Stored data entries
━━━━━━━━━━━━━━━━

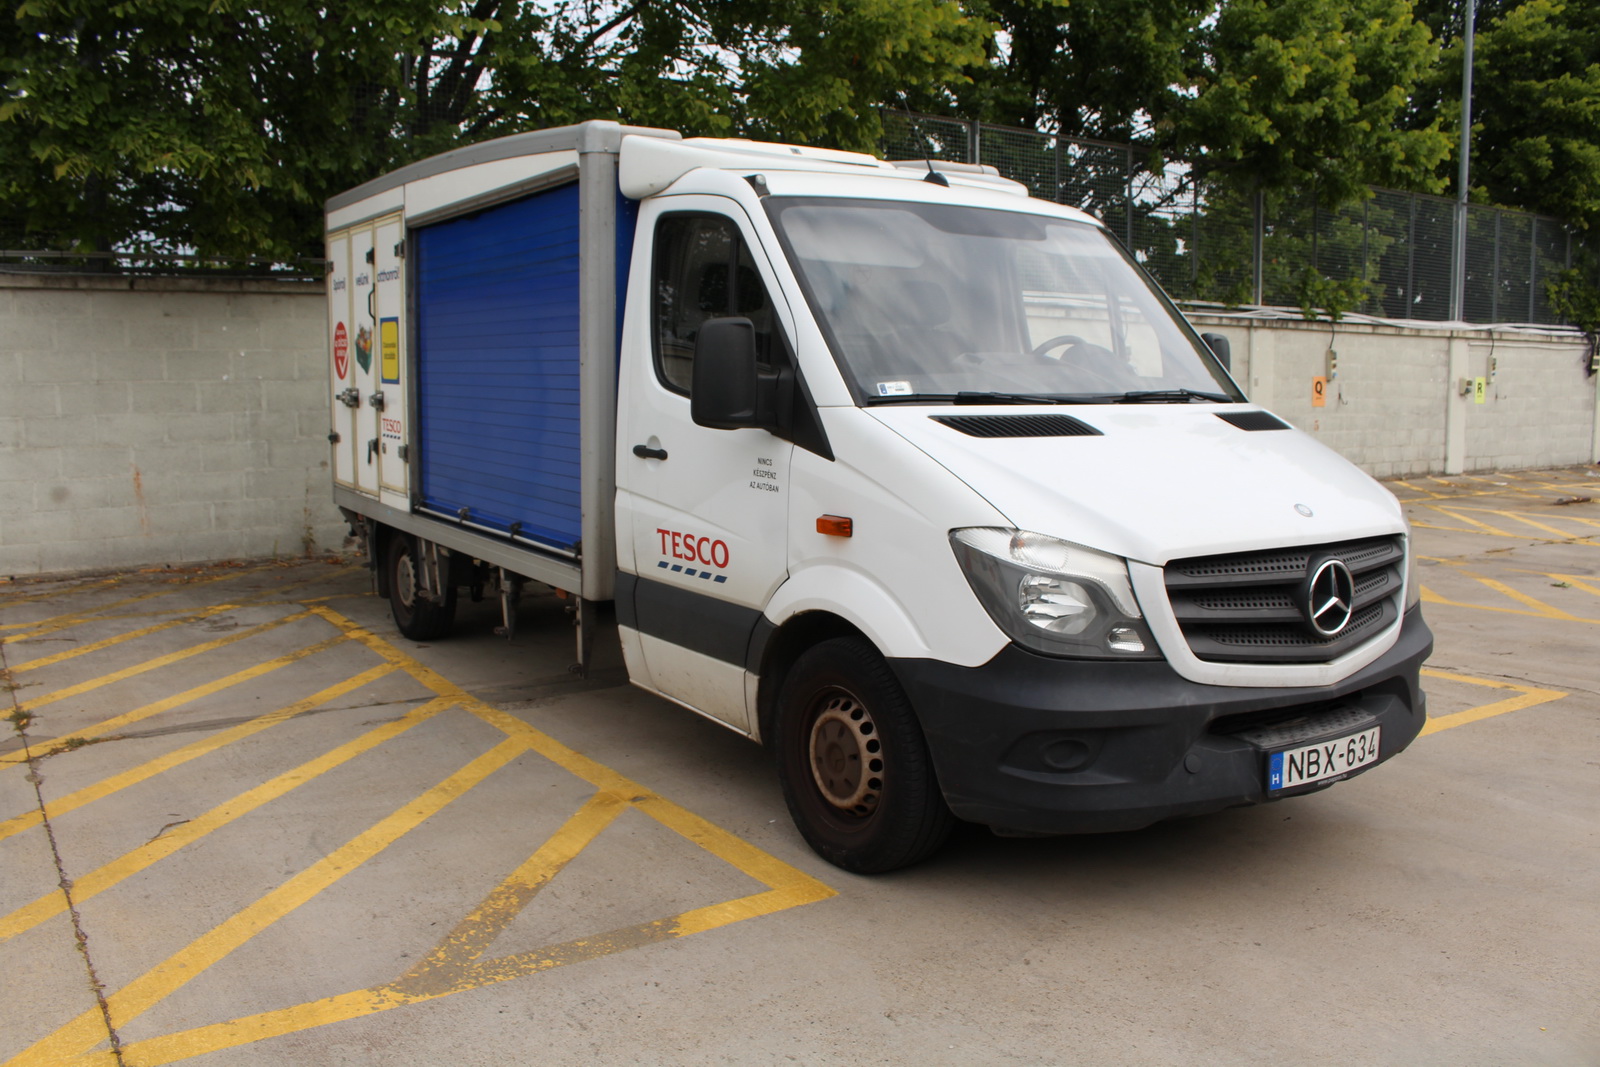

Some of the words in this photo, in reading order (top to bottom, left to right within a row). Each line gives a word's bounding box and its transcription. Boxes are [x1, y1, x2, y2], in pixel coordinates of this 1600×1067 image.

[1314, 380, 1323, 396] Q
[1477, 382, 1483, 394] R
[382, 418, 402, 434] TESCO
[757, 457, 773, 467] NINCS
[753, 468, 777, 480] KÉSZPÉNZ
[749, 481, 756, 489] AZ
[757, 481, 780, 493] AUTÓBAN
[656, 528, 730, 569] TESCO
[1271, 773, 1280, 785] H
[1288, 731, 1377, 783] NBX-634
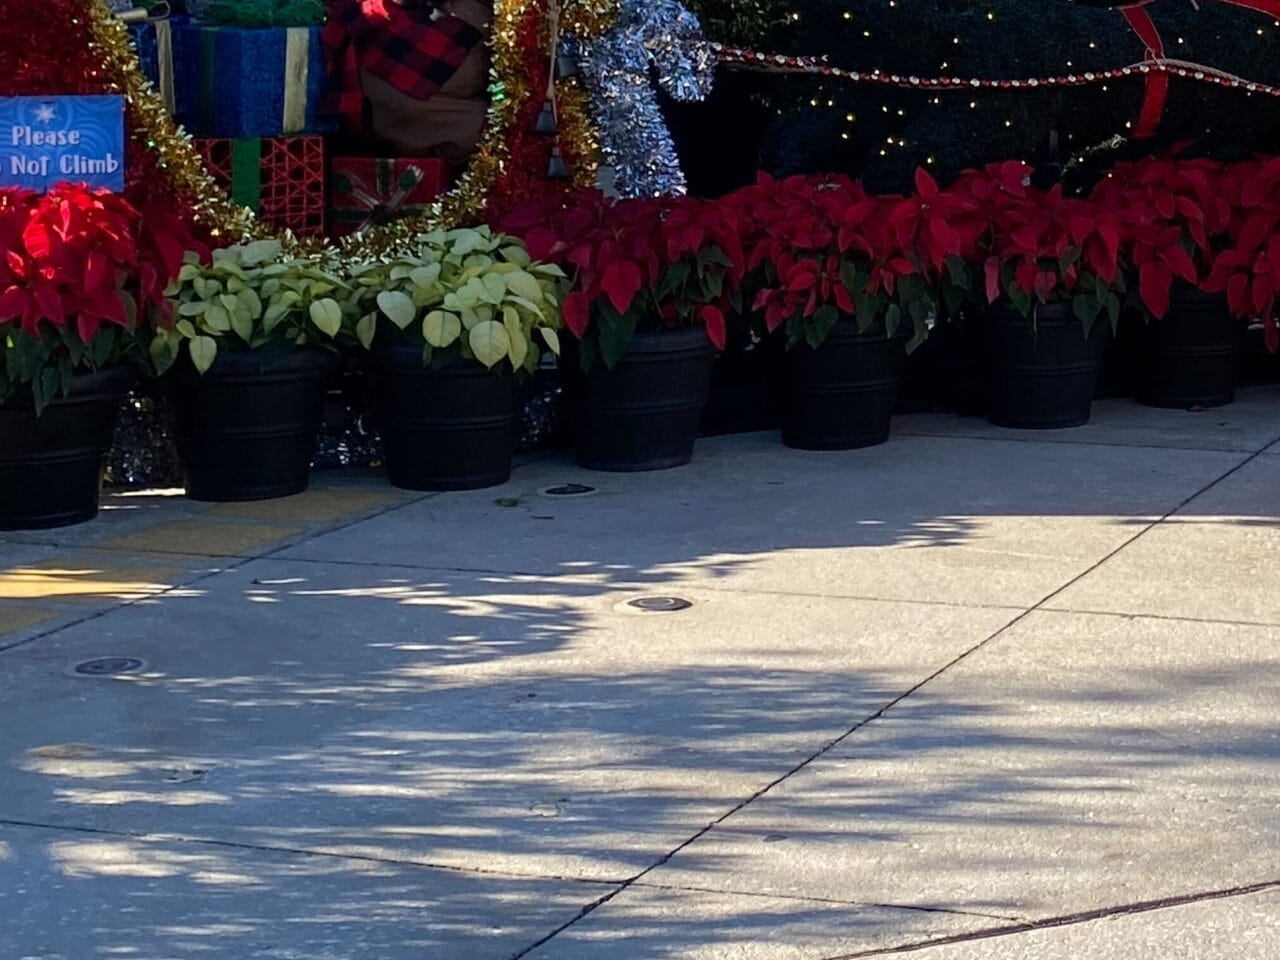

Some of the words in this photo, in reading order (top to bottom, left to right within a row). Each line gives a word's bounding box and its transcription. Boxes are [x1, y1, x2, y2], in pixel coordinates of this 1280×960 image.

[12, 126, 80, 146] Please
[11, 154, 50, 176] Not
[60, 153, 119, 175] Climb
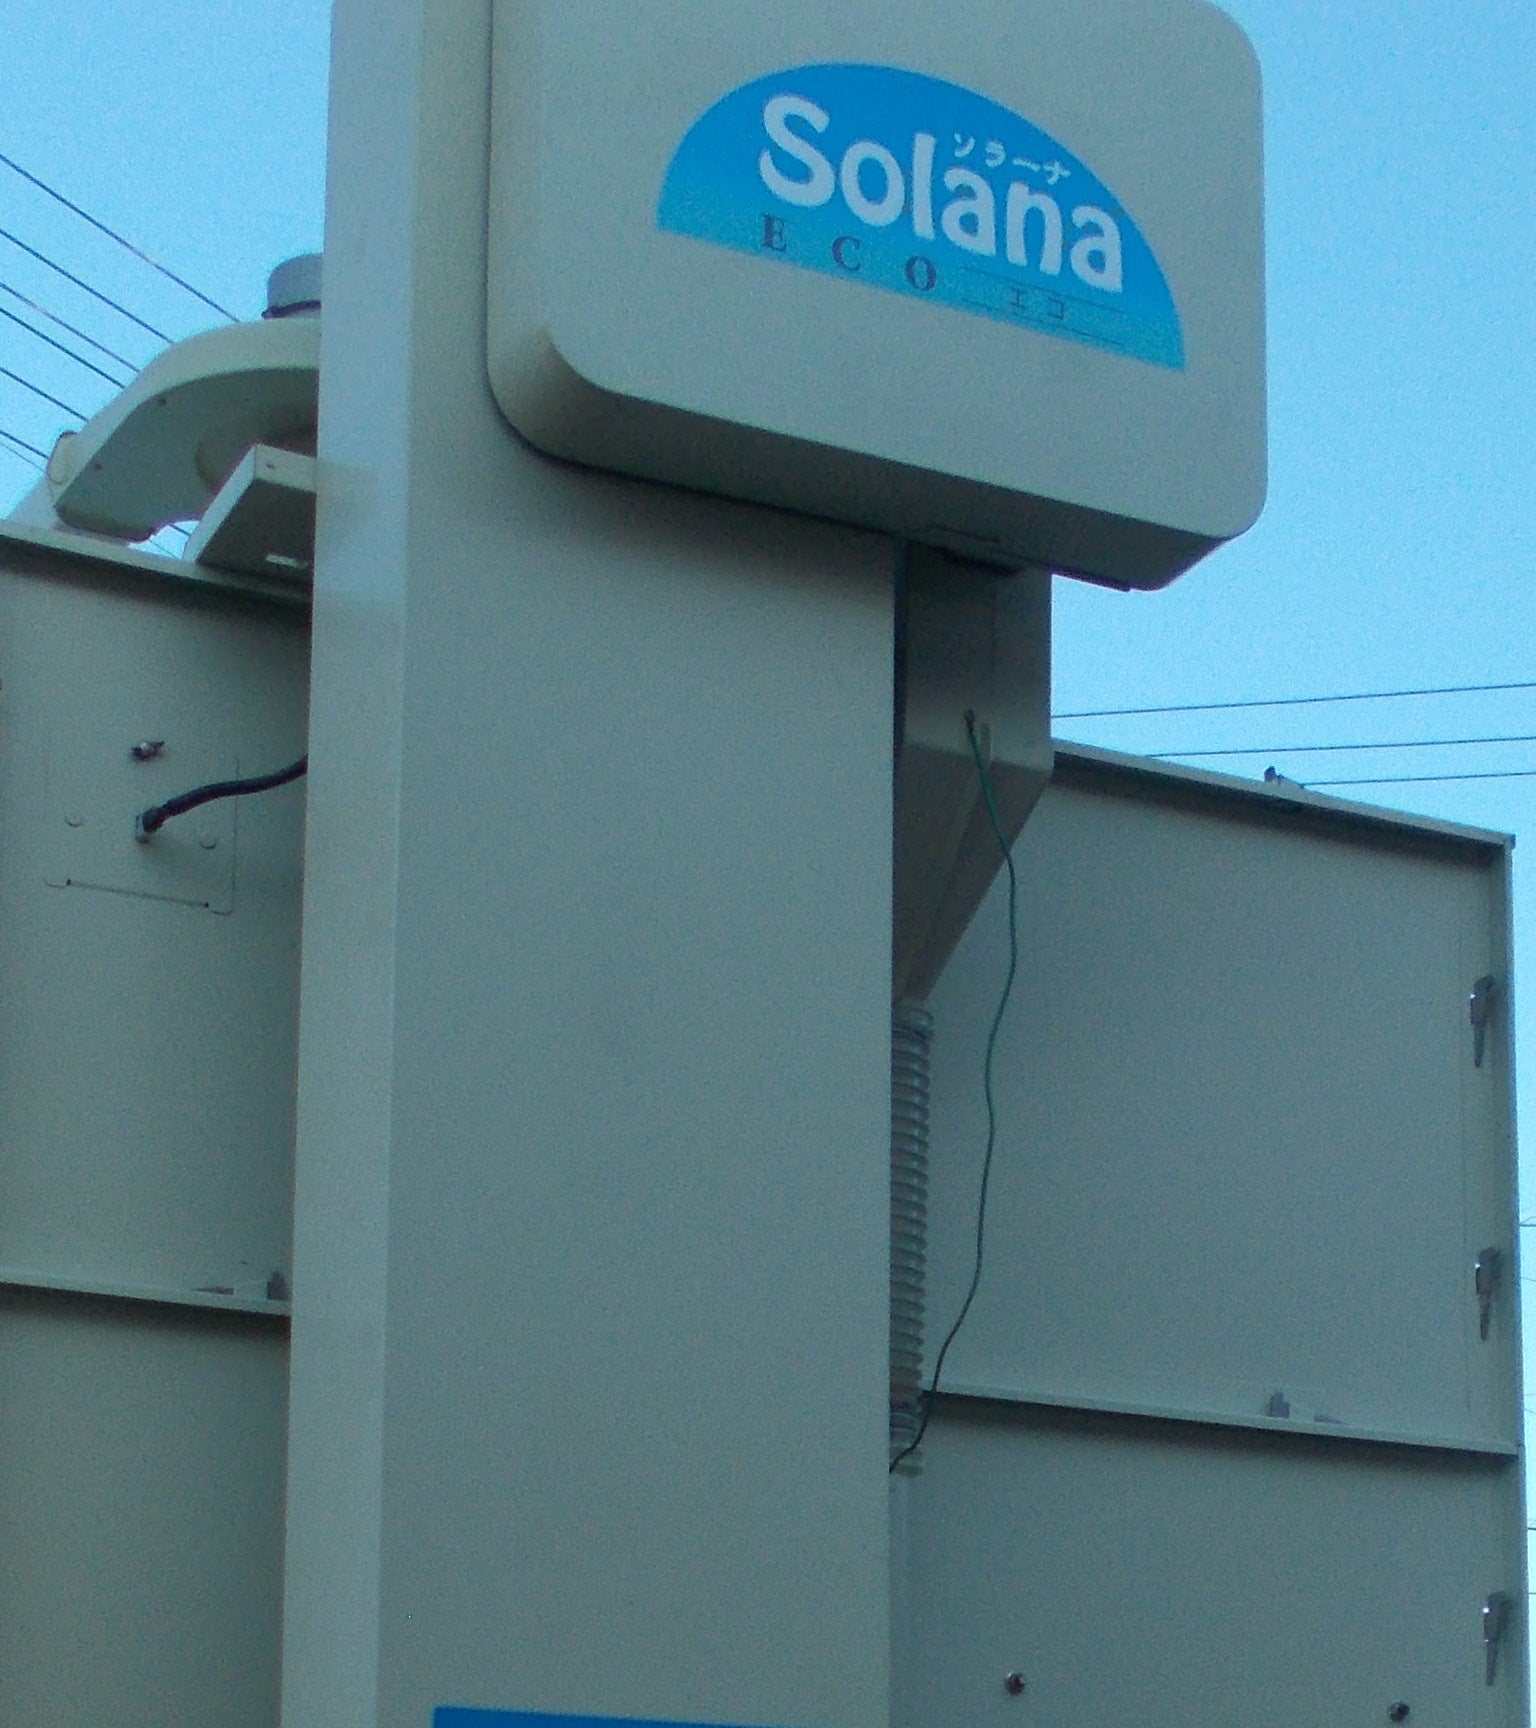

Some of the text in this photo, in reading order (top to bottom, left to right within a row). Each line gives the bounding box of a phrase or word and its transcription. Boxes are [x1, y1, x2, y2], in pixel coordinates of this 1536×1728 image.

[759, 92, 1124, 294] Solana
[952, 131, 1072, 186] ソラーナ
[760, 213, 938, 293] ECO
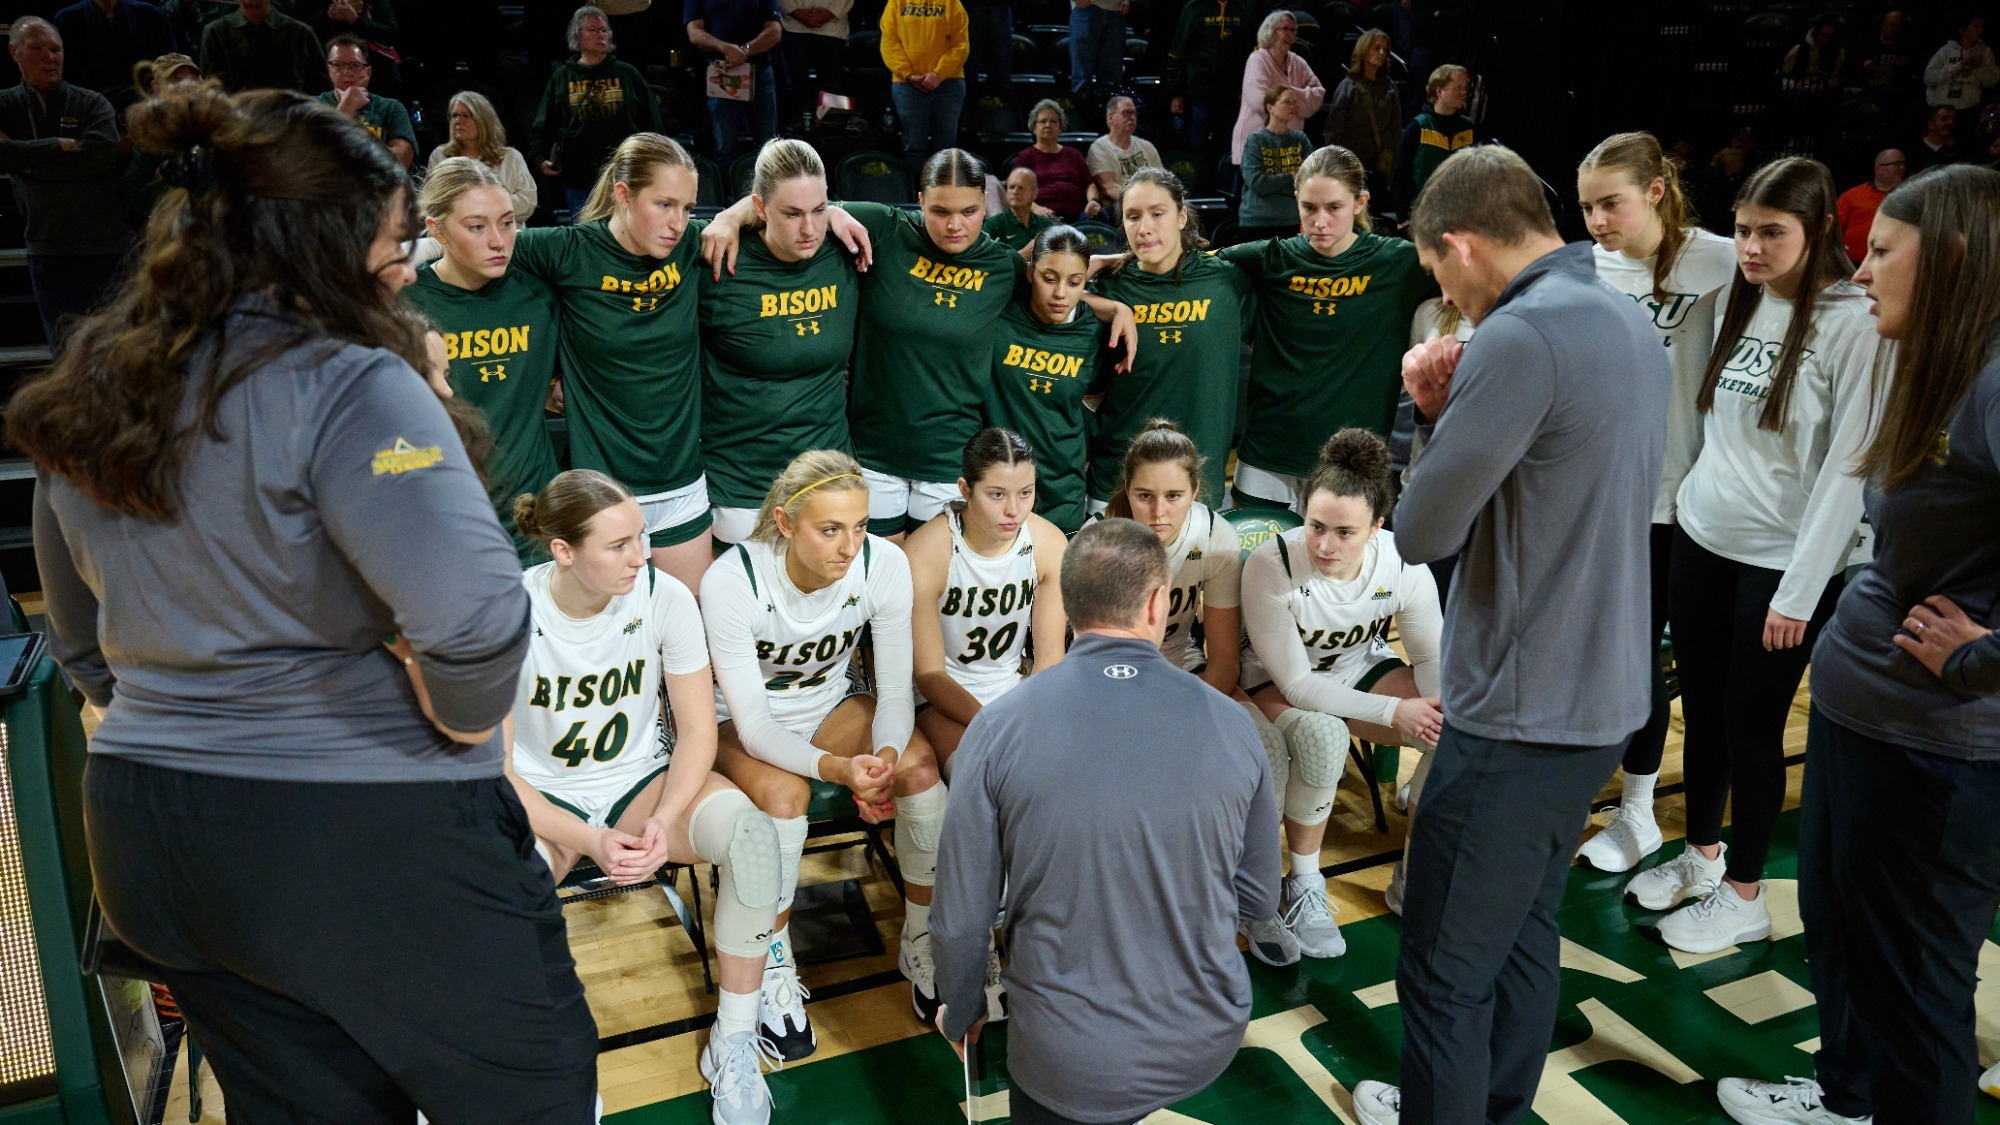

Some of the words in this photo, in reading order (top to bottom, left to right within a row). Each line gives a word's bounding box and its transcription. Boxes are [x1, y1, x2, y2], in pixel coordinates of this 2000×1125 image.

━━━━━━━━━━━━━━━━

EXERCISE OBJECTIVE: Exactly the lines from the one holding "Some of the text" through the last line of the entries must be set down, with nothing added and no pictures.

SOLVED EXERCISE:
Some of the text in this photo, in reading order (top to bottom, left to right within a row). Each line gives the bounding box of a phrase or word and its transcription. Boxes are [x1, y1, x2, y2], in pixel coordinates of this 1536×1728 image.

[759, 92, 1124, 294] Solana
[952, 131, 1072, 186] ソラーナ
[760, 213, 938, 293] ECO

Some of the words in this photo, in reading order (top to bottom, left to right within a row). Each line gives a word's bounding box and its transcription. Boxes are [x1, y1, x2, y2], in pixel coordinates of this 2000×1125 image.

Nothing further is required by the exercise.